Adaptive Window Sizing

Static window sizes work well for steady-state workloads, but real-world traffic is bursty. I added adaptive window sizing that adjusts based on observed traffic patterns:

  • High traffic: Reduce window size to 25ms for better responsiveness
  • Low traffic: Increase to 100ms for maximum batching efficiency
  • Burst detection: Temporarily disable batching when detecting coordinated updates

Results and Impact

The batching system delivered impressive improvements:

  • Network messages: Reduced from 50,000/sec to 8,000/sec (84% reduction)
  • Bandwidth: Decreased by 78% due to batching and compression
  • CPU utilization: 25% reduction in network stack overhead
  • Latency: P99 latency improved by 15ms (fewer packets = less queuing)
  • Scalability: Enabled smooth scaling to 12K flows without network saturation

Perhaps most importantly, the system has been rock-solid in production.

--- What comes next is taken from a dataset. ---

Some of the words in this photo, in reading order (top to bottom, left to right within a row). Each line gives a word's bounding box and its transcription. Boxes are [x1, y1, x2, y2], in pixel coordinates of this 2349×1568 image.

The adaptive mechanisms handle workload variations gracefully, and we’ve had zero consistency issues related to batching.

Design Principles

Several principles emerged from this work:

  1. Measure the overhead: In distributed systems, packaging and transport often cost more than the payload. Optimize accordingly.

  2. Not everything should batch: Have an escape hatch for truly latency-sensitive operations.

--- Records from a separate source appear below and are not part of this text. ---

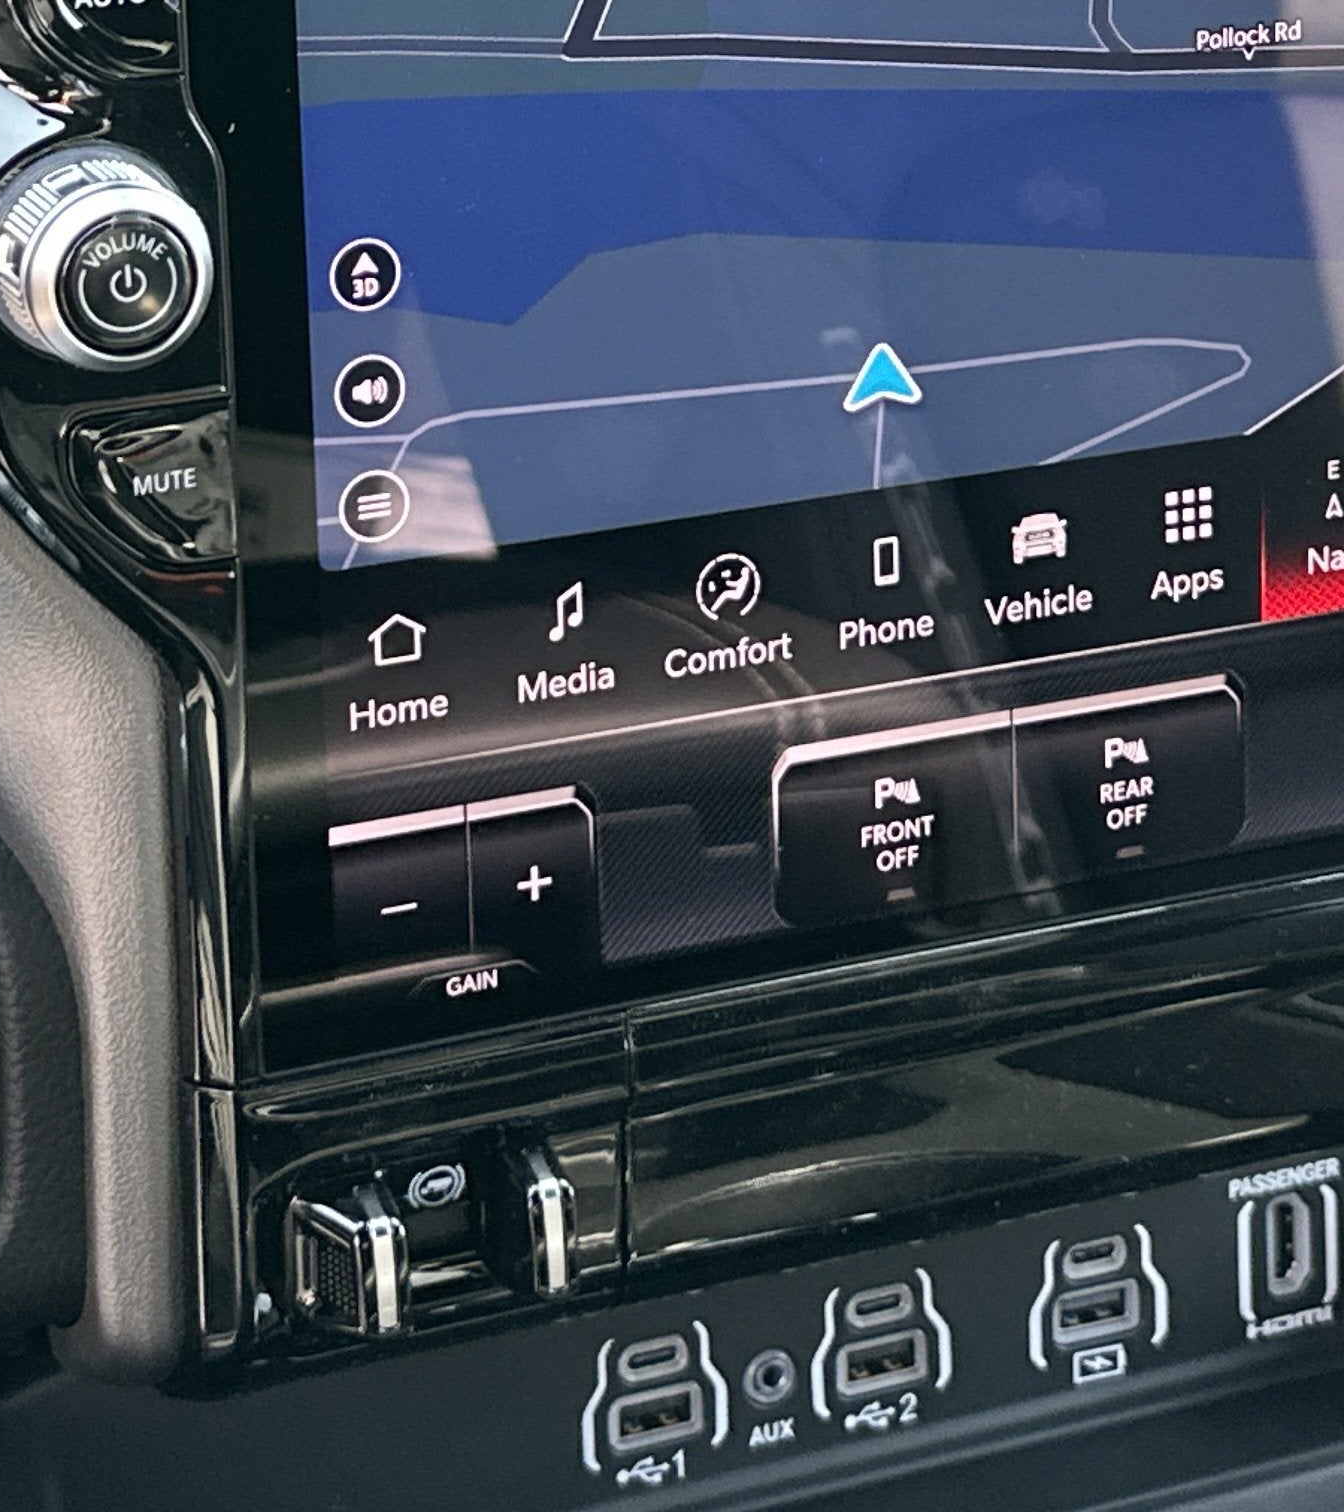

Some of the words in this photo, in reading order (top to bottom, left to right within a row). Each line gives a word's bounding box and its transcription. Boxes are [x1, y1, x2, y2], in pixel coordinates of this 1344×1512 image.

[1196, 22, 1270, 50] Pollock
[1273, 20, 1302, 42] Rd
[83, 232, 169, 272] VOLUME
[352, 277, 379, 300] 3D
[132, 467, 198, 497] MUTE
[1327, 459, 1341, 480] E
[1151, 566, 1224, 602] Apps
[985, 585, 1094, 626] Vehicle
[839, 612, 935, 651] Phone
[665, 633, 793, 678] Comfort
[517, 661, 616, 703] Media
[349, 692, 450, 731] Home
[1099, 776, 1154, 804] REAR
[861, 814, 935, 850] FRONT
[1105, 802, 1148, 831] OFF
[875, 843, 921, 873] OFF
[445, 968, 499, 997] GAIN
[1229, 1157, 1341, 1200] PASSENGER
[898, 1393, 918, 1424] 2
[748, 1417, 796, 1448] AUX
[673, 1449, 687, 1479] 1

  3. Adaptivity beats static tuning: Real-world workloads vary too much for one-size-fits-all approaches.

  4. Correctness first: Batching must never compromise consistency or ordering guarantees. Performance is meaningless if the system produces wrong results.

Broader Applications

While I developed this for FC-Redirect, the patterns apply broadly to any distributed system with high message rates:

  • Database replication
  • Distributed caching systems
  • Event streaming platforms
  • Microservice communication
  • Telemetry and monitoring systems

If you’re sending thousands of small messages between nodes, batching should be one of your first optimization targets. The implementation complexity is modest, but the performance gains can be transformational.

As we continue pushing FC-Redirect to higher scales throughout 2013, intelligent message batching remains one of our most valuable optimizations. It’s a perfect example of how stepping back and questioning basic assumptions can lead to breakthrough improvements.